Background/Methods: We have examined the hypothesis that cyst formation is key in the pathogenesis of cardiovascular disease in a Lewis polycystic kidney (LPK) model of autosomal-recessive polycystic kidney disease (ARPKD), by determining the relationship between cyst development and indices of renal function and cardiovascular disease. Results: In the LPK (n = 35), cysts appear at week 3 (1.1 ± 0.1 mm) increasing to week 24 (2.8 ± 2 mm). Immunostaining for nephron-specific segments indicate cysts develop predominantly from the collecting duct. Cyst formation preceded hypertension (160 ± 22 vs.
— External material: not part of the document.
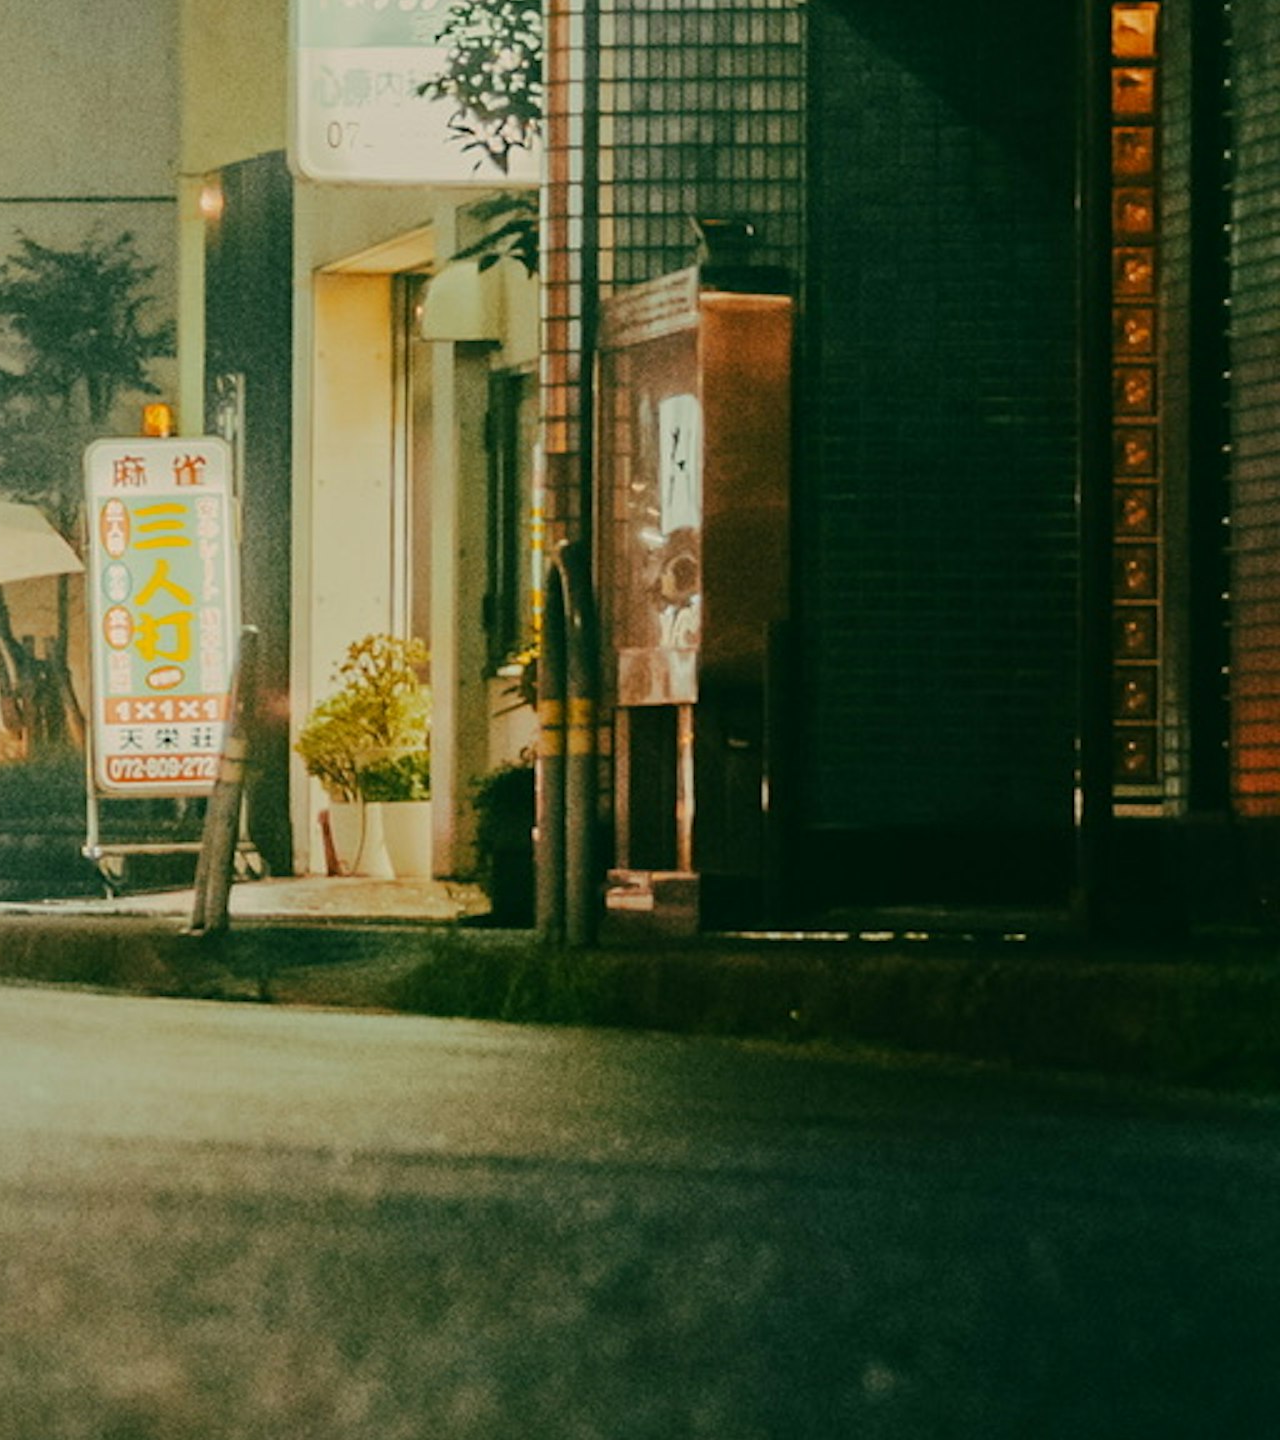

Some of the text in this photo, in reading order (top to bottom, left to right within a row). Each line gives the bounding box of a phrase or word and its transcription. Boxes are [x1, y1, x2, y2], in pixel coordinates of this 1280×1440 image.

[111, 454, 208, 488] 麻雀
[132, 501, 196, 663] 三人打
Lewis control 105 ± 20 mm Hg systolic blood pressure (BP), n = 12) at week 6, elevated creatinine (109 ± 63 vs. 59 ± 6 μmol/l, n = 16) and cardiac mass (0.7 vs. 0.4% bodyweight, n = 15) at week 12, and left ventricular hypertrophy (2,898 ± 207 vs. 1,808 ± 192 μm, n = 14) at week 24 (all p ≤ 0.05). Plasma-renin activity and angiotensin II were reduced in 10- to 12-week LPK (2.2 ± 2.9 vs. Lewis 11.9 ± 4.9 ng/ml/h, and 25.0 ± 19.1 vs. 94.9 ± 64.4 pg/ml, respectively, n = 26, p ≤ 0.05). Ganglionic blockade (hexamethonium 3.3 mg/kg) significantly reduced mean BP in the LPK (52 vs. Lewis 4%, n = 9, p ≤ 0.05). Conclusion: Cyst formation is a key event in the genesis of hypertension while the sympathetic nervous system is important in the maintenance of hypertension in this model of ARPKD.